In some patients with non-small cell lung cancer, tumor cells carry genetic alterations that accelerate cancer growth. There are agents that prevent this, but cancer cells often develop resistance to these drugs. Arlou Kristina Angeles (German Cancer Research Center (DKFZ) and National Center for Tumor Diseases (NCT) Heidelberg) has shown that tracking tumor DNA in the patient's blood is one way of detecting therapy resistance or disease progression at an early stage. This research can help adapt the treatment strategy for those affected as quickly as possible. Arlou Kristina Angeles received the 2022 Takeda Oncology Research Award for her findings.

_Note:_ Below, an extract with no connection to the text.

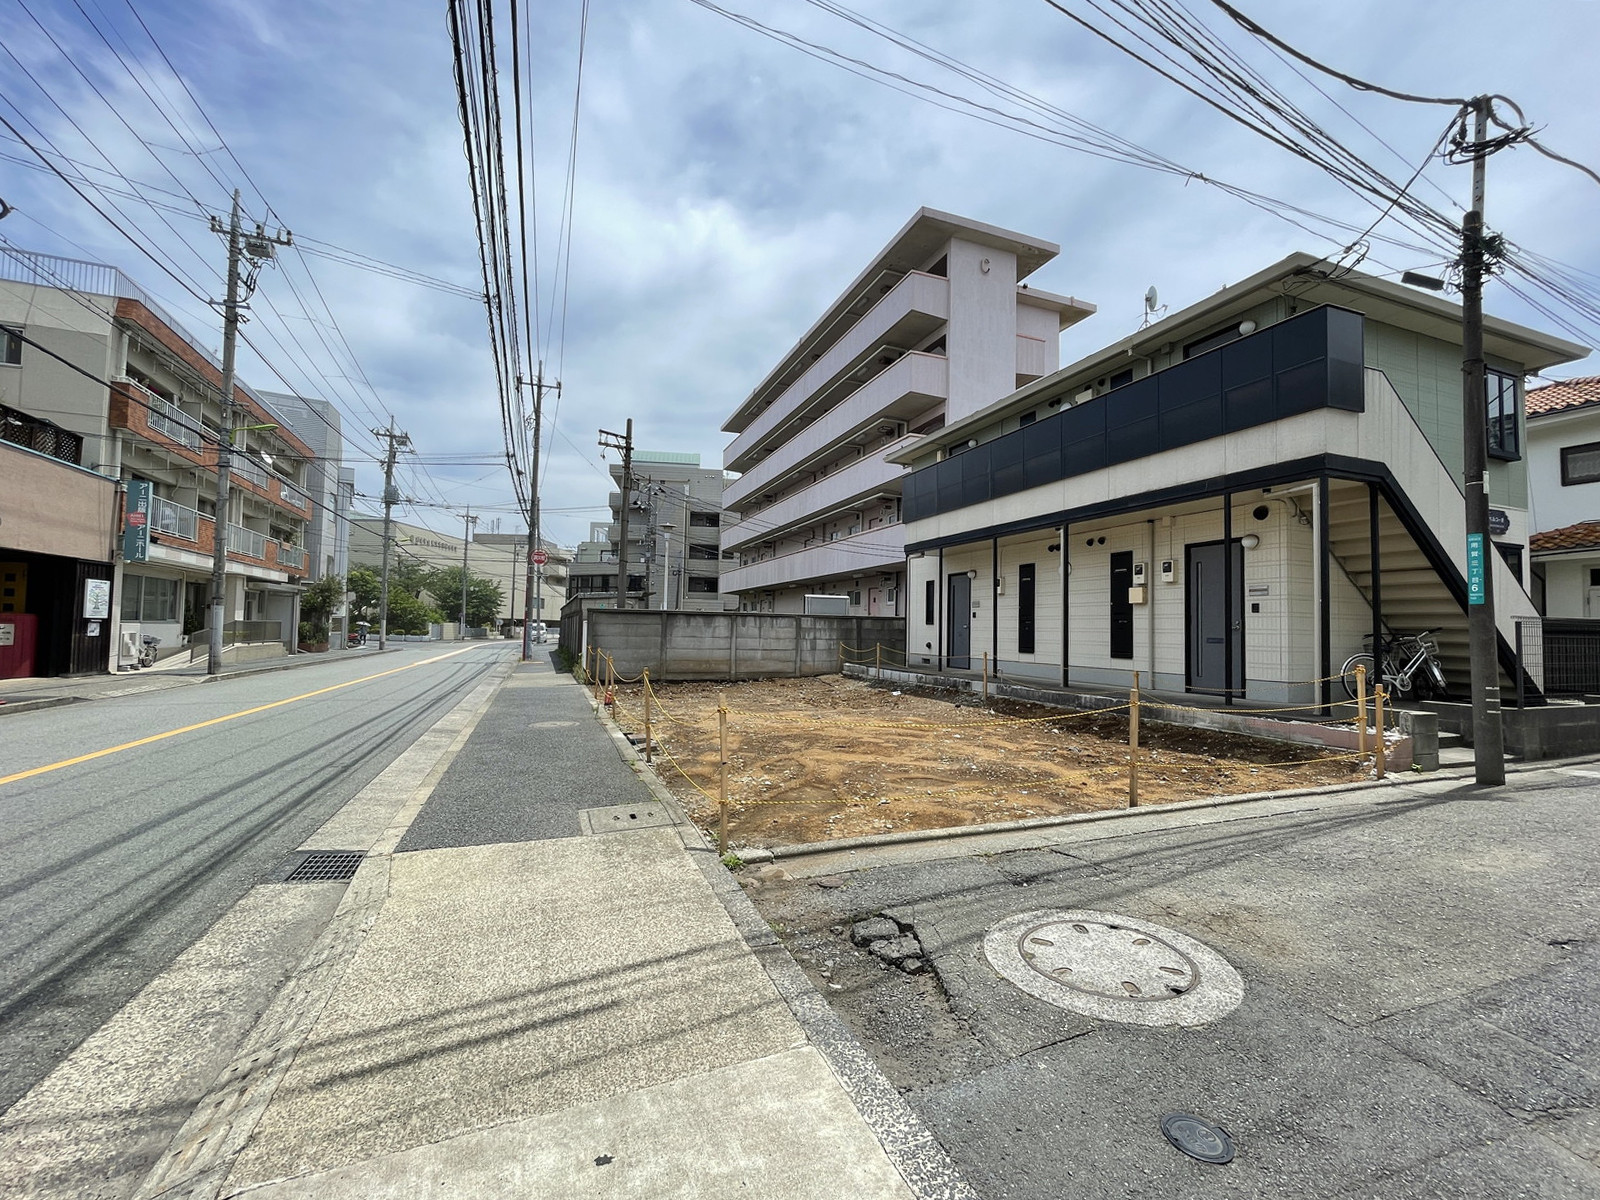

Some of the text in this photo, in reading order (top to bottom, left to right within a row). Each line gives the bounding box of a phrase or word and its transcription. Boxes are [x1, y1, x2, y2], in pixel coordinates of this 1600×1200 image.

Non-small cell lung cancer (NSCLC) accounts for about 75 percent of all cases of lung cancer. This form of lung cancer generally grows slower than small-cell lung carcinomas and therefore, in principle, has a better prognosis. However, in three to seven percent of those affected, the cancer cells carry a genetic alteration involving the ALK gene: this change causes the enzyme anaplastic lymphoma kinase (ALK) to be overactive in the cancer cells, thereby accelerating tumor growth.
Patients with non-small cell lung cancer and ALK alterations are treated with so-called TKI inhibitors that blocks the activity of the ALK enzyme. However, the tumor cells often develop resistance against the drug and the therapy must be urgently adapted. In lung cancer, it is often difficult to take repeated tissue biopsies to detect the emergence of resistance mutations, so new ways of monitoring therapy response are urgently needed.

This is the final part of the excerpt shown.